→ **WHAT TO DO**: Below are records to be repeated exactly. Leave their pictures behind.

Free-text object descriptions:
^^^^^^^^

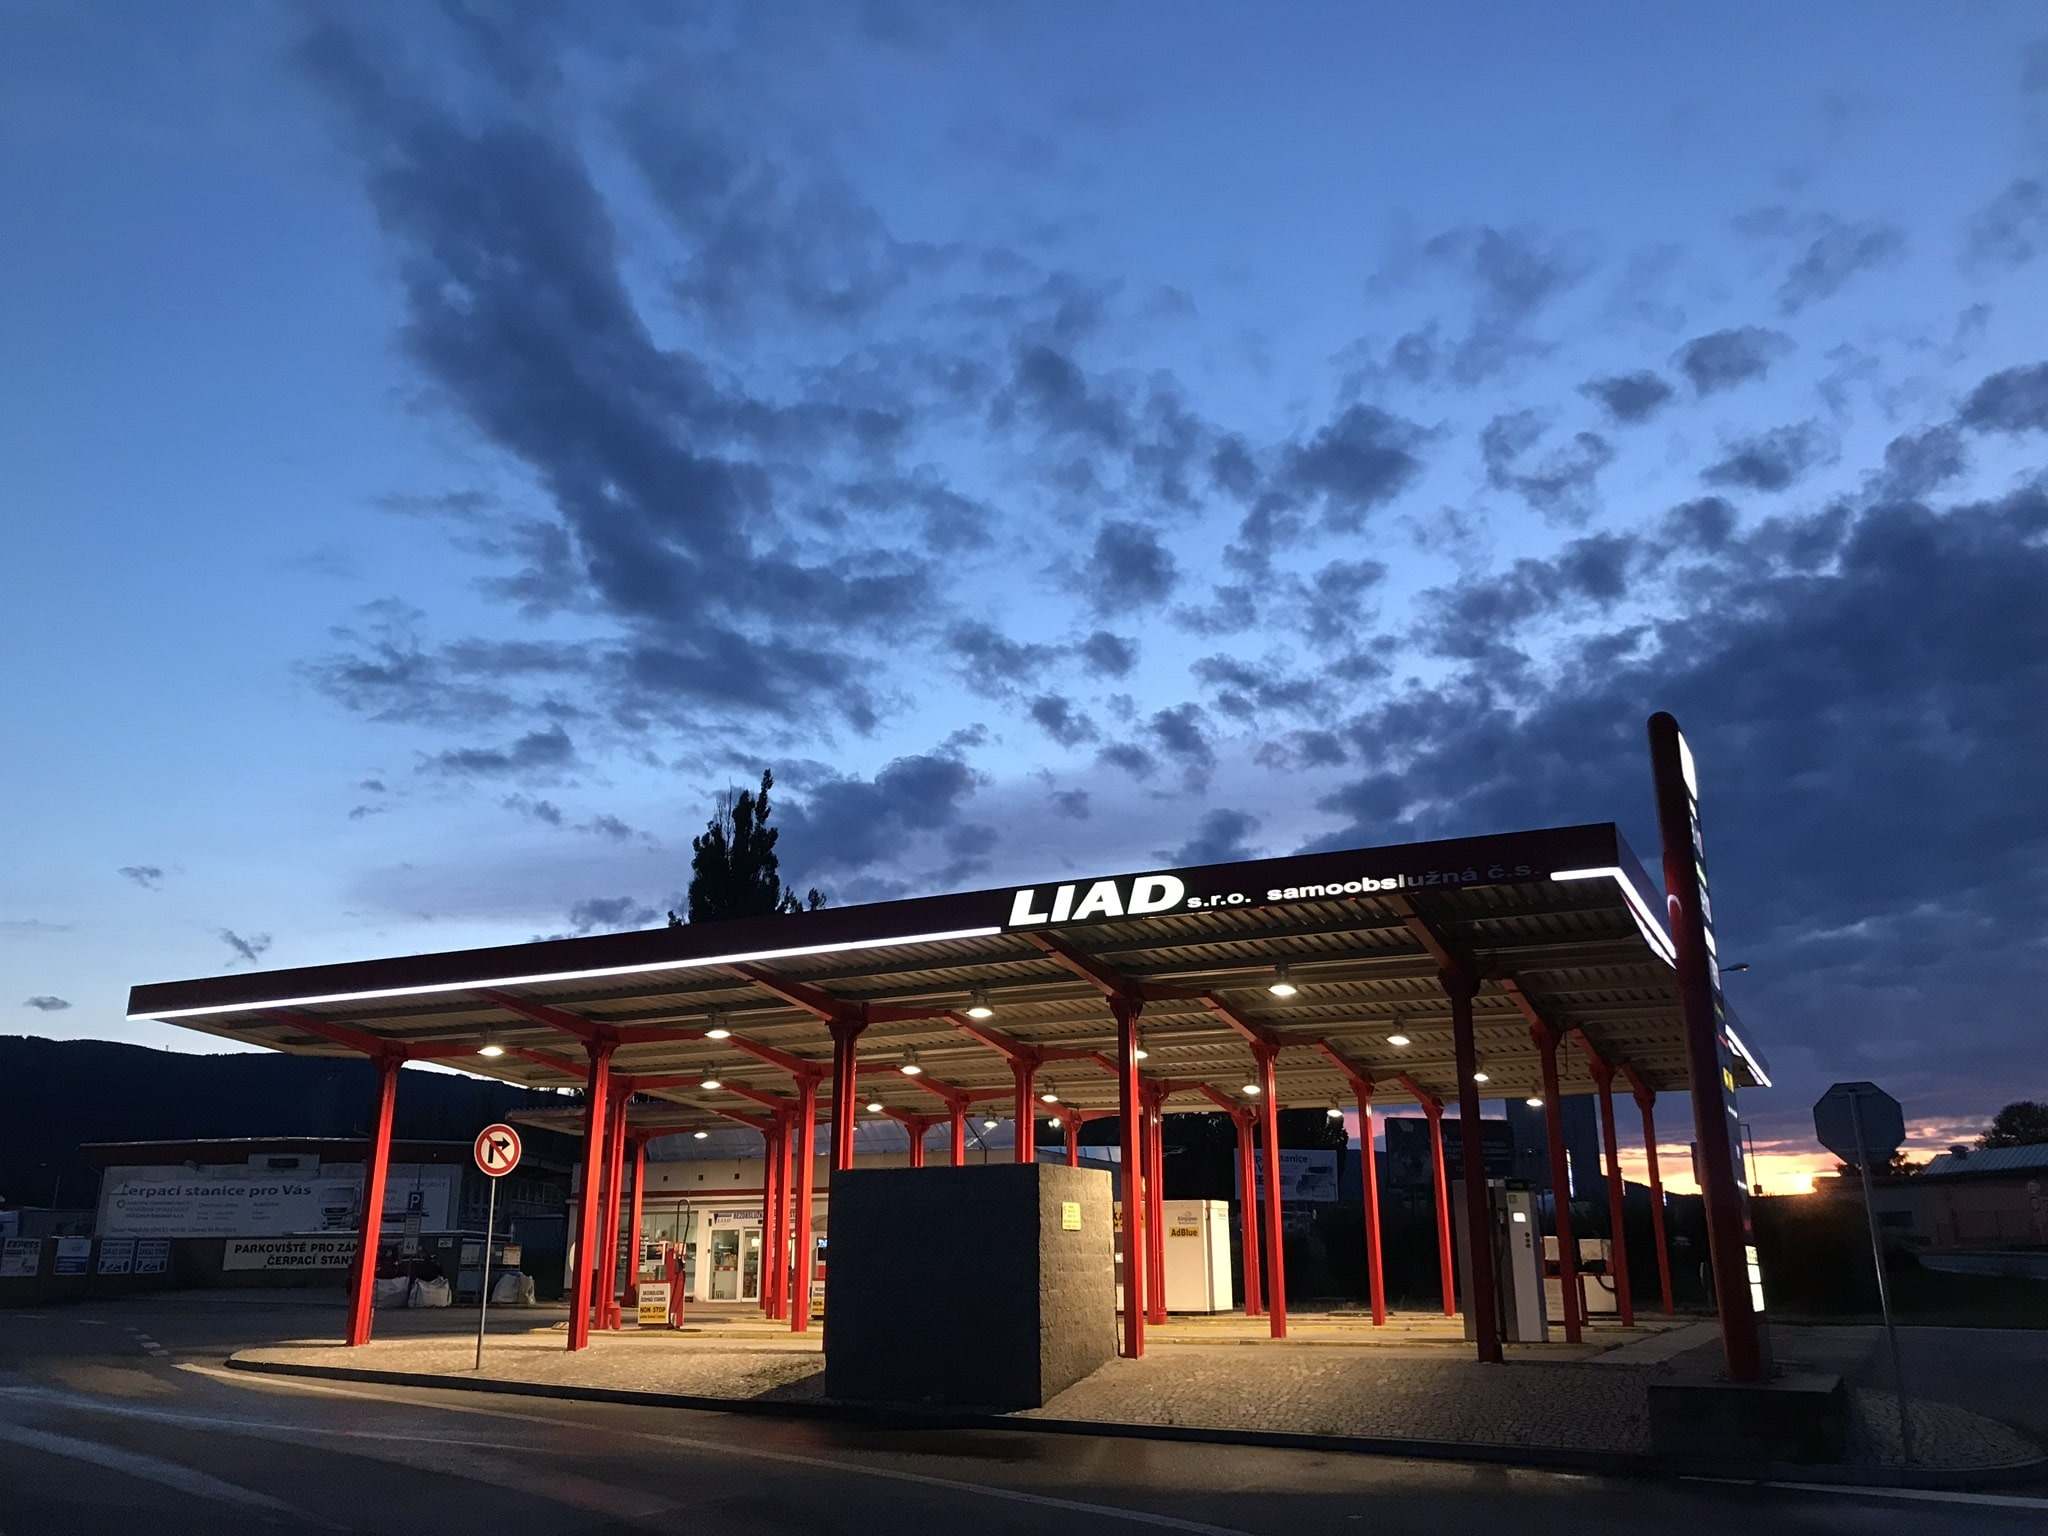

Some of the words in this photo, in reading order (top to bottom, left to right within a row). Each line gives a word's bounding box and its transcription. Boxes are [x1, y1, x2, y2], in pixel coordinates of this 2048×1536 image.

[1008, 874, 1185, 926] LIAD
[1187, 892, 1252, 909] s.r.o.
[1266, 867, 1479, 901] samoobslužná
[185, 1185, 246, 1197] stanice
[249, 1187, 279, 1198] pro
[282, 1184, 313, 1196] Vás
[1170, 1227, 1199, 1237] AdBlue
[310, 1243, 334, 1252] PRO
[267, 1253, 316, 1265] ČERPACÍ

^^^^^^^^

→ **YOUR SOLUTION**:
Some of the words in this photo, in reading order (top to bottom, left to right within a row). Each line gives a word's bounding box and its transcription. Boxes are [x1, y1, x2, y2], in pixel coordinates of this 2048×1536 image.

[1008, 874, 1185, 926] LIAD
[1187, 892, 1252, 909] s.r.o.
[1266, 867, 1479, 901] samoobslužná
[185, 1185, 246, 1197] stanice
[249, 1187, 279, 1198] pro
[282, 1184, 313, 1196] Vás
[1170, 1227, 1199, 1237] AdBlue
[310, 1243, 334, 1252] PRO
[267, 1253, 316, 1265] ČERPACÍ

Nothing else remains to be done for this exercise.